Capodanno (Hint Klace)

Keith, quella notte, non riusciva proprio a dormire.
Il vento che soffiava impetuoso e prepotente faceva ticchettare violentemente i rami secchi contro il vetro chiuso della sua camera da letto e lo rendeva nervoso.
Si rigirò per l'ennesima volta tra le coperte e si fermò in una posizione in cui stava ancora più scomodo di prima.
Si alzò dal letto e fissò torvo le coperte sfatte appoggiate quasi a caso sul materasso prima di dirigersi verso la porta della camera e uscire nel corridoietto che dava sulle altre due camere da letto, sul bagno, sull'ingresso e sulla sala da pranzo; si guardò attorno, come aspettandosi che Lance cominciasse a gridare come faceva ogni mattina, cosa che non accadde, dato che erano le due di notte del trentuno gennaio e che Lance si trovava in Arizona dalla sua famiglia.
Keith sospirò e si diresse verso l'ingresso, appesa all'attaccapanni c'era solo la sua giacca rossa e un suo vecchio maglione grigio, prese quest'ultimo e lo indossò sopra la maglia del pigiama prima di aprire la porta di casa e cominciare a scendere le scale.
Sentiva il freddo sotto i piedi, che passava attraverso i calzini di lana spessa e si irradiava insistente lungo tutte le gambe, spinse le mani un po' più in fondo nelle tasche dei pantaloni della tuta e continuò a scendere.

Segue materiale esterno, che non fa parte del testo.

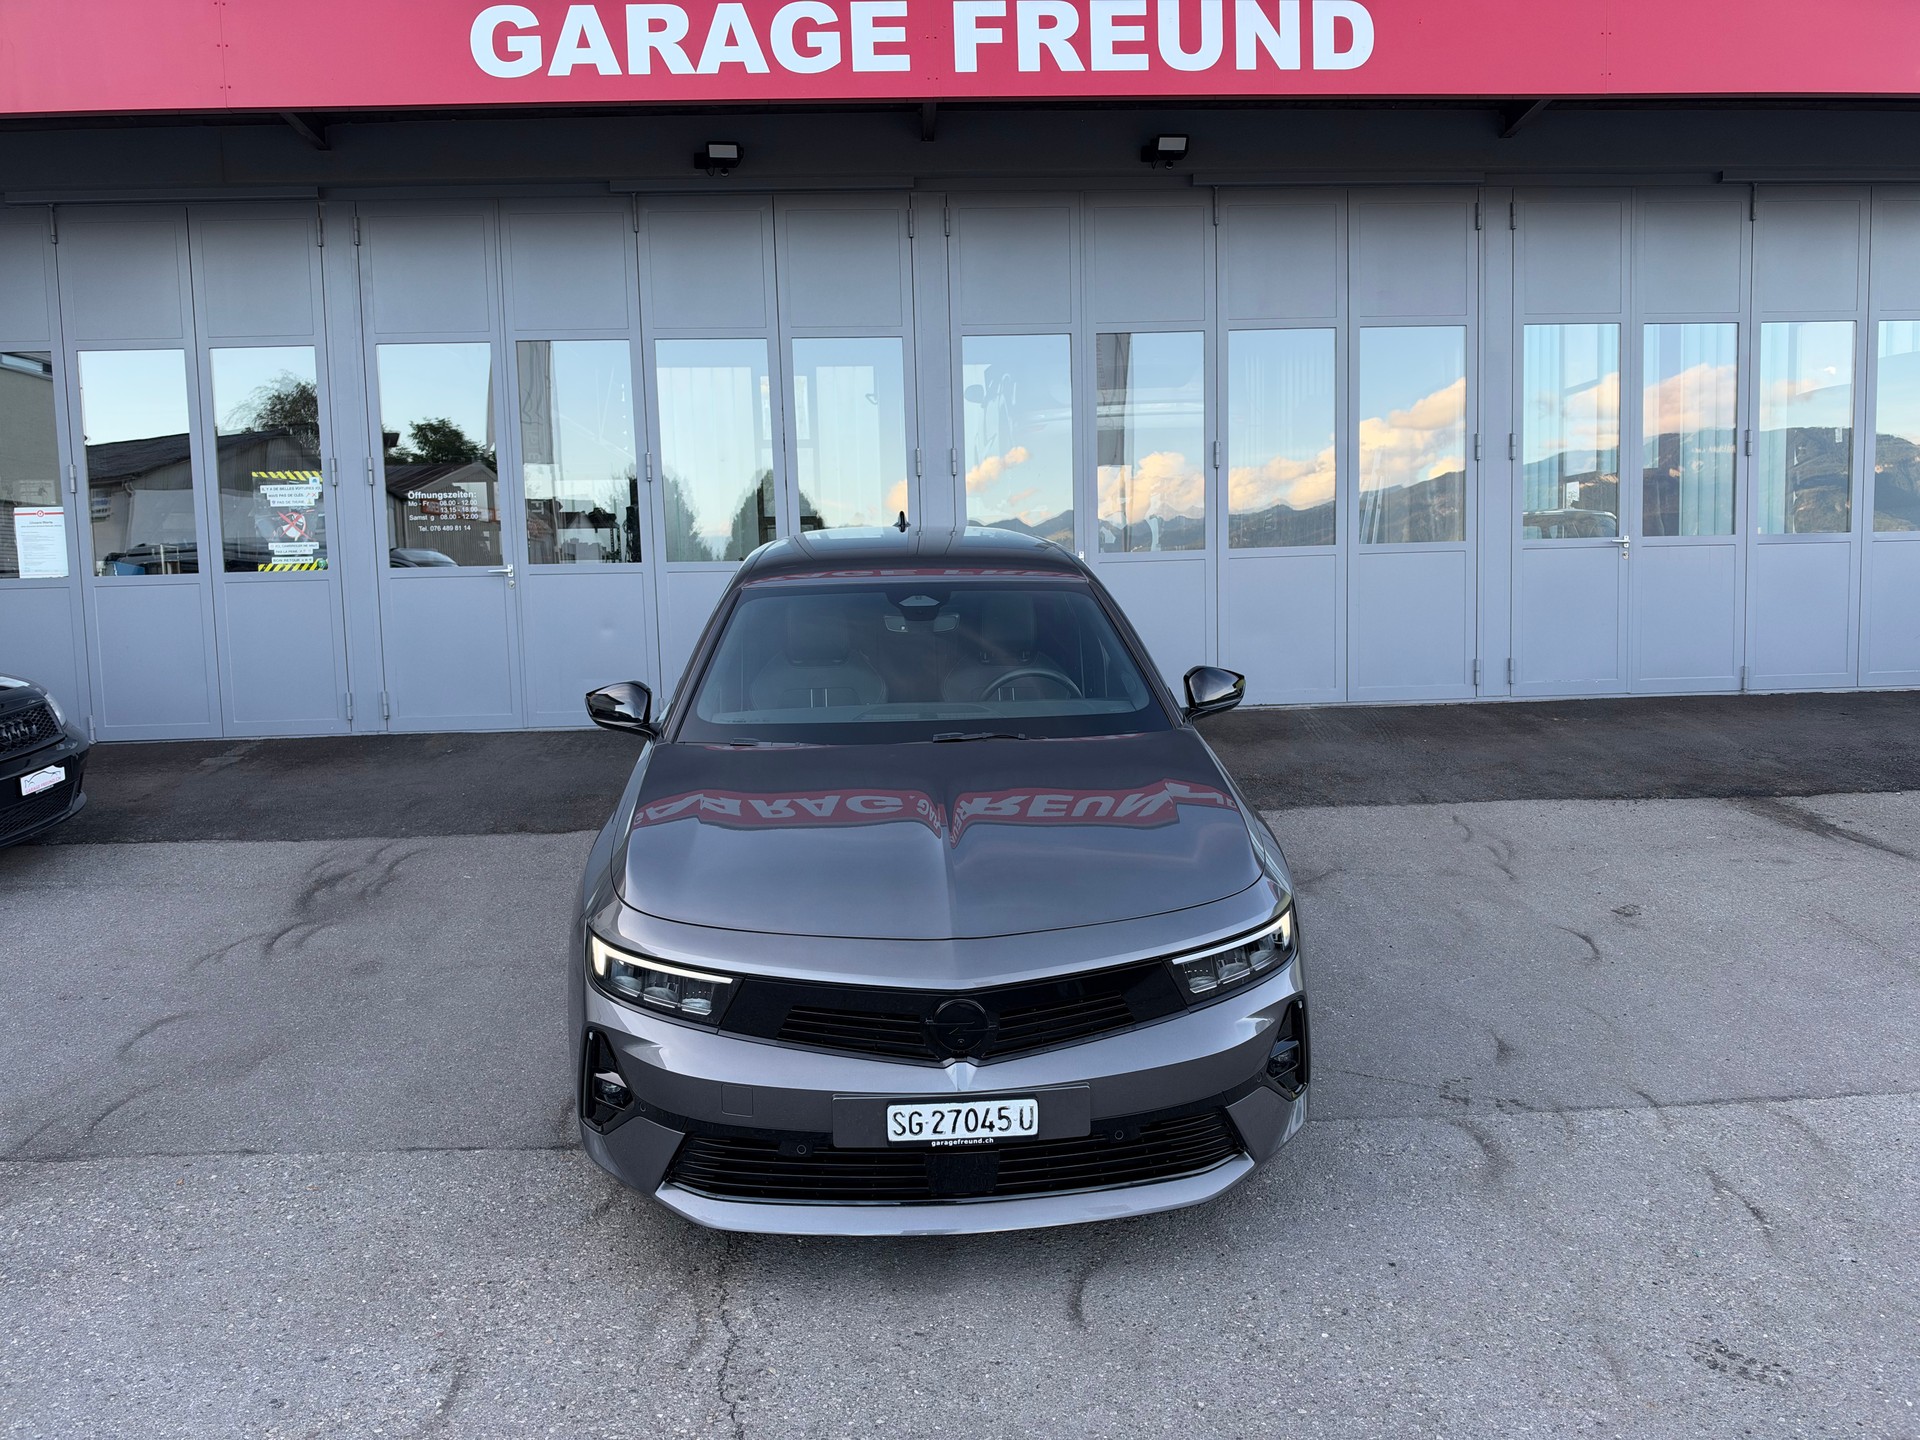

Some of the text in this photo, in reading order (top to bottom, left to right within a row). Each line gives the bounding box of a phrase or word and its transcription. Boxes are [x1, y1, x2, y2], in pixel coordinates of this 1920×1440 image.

[469, 0, 1374, 78] GARAGE FREUND
[408, 491, 476, 500] Öffnungszeiten:
[892, 1106, 1034, 1136] SG 27045 U
[931, 1137, 994, 1147] garagefreund.ch

Arrivò nel piazzale del condominio, era deserto, ovviamente. 
Tutti erano partiti per un motivo o per un altro, tra chi era andato dalla propria famiglia, chi era partito per un viaggio, chi per una breve vacanza appena fuori città; nessuno era rimasto, nessuno a parte Keith che, camminando tra una pozzanghera ghiacciata e l'altra, arrivò fino al confine del parcheggio dell'edificio e si sedette sulla neve ormai ghiacciata.
Sentiva il vento che gli spostava vorticosamente i capelli scuri e si infiltrava insistentemente sotto al maglione procurandogli brividi gelidi; pensò a quanto gli sarebbe piaciuto avere Lance accanto a lui, lo stesso ragazzo con cui litigava per qualsiasi cosa, lo stesso per cui avrebbe dato la vita, lo stesso per cui aveva deciso di continuare a vivere, lo stesso che con un solo tocco era in grado di accendergli un fuoco dentro.

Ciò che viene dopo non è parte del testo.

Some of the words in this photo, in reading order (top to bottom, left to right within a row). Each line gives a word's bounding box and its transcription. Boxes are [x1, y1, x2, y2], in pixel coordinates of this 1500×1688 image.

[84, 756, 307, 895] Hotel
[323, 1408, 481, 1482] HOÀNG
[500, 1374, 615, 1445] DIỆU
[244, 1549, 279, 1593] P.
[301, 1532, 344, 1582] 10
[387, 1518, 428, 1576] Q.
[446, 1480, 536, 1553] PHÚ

Aveva gli occhi puntati sulle punte dei propri calzini mentre rifletteva su quanto avrebbe voluto che qualcuno, un qualcuno che aveva un nome e un cognome ben definiti e chiari nella sua mente, un qualcuno che nessuno sarebbe mai stato in grado di sostituire, lo stesso di cui Keith non avrebbe mai avuto il coraggio di ammettere ad alta voce e probabilmente neanche a se stesso di averne bisogno.
Appoggiò la schiena contro la neve e cominciò a guardare il cielo scuro e avvolto da un manto di nuvole che non promettevano ancora pace. Le stelle completamente coperte. 
Lance ama le stelle. Nella sua mente si creò quasi automaticamente quel pensiero non appena non le vide illuminare il cielo.
Chiuse gli occhi e sentì il gelo invaderlo fin nelle ossa ma, per qualche ragione, si sentì come stretto in un abbraccio, tra quelle montagnole di neve gelida che lo circondavano e gli infondevano il loro freddo si sentì abbracciato.
Quanto è triste sentirsi bene tra un cumulo di neve. Rise di se stesso e non si meravigliò se per tutti quegli anni in cui era stato in orfanotrofio nessuno lo aveva voluto, neanche lui si sarebbe scelto.
-Il freddo deve proprio darti fastidio.-
Keith non si mosse, ma gli sembrò di aver sentito la voce di Lance, doveva essere il freddo a farlo impazzire.
-Ehi? Uomo delle nevi, alzati o andrai in ipotermia.-
Questa volta sentì un alito caldo sul viso e si costrinse ad aprire gli occhi.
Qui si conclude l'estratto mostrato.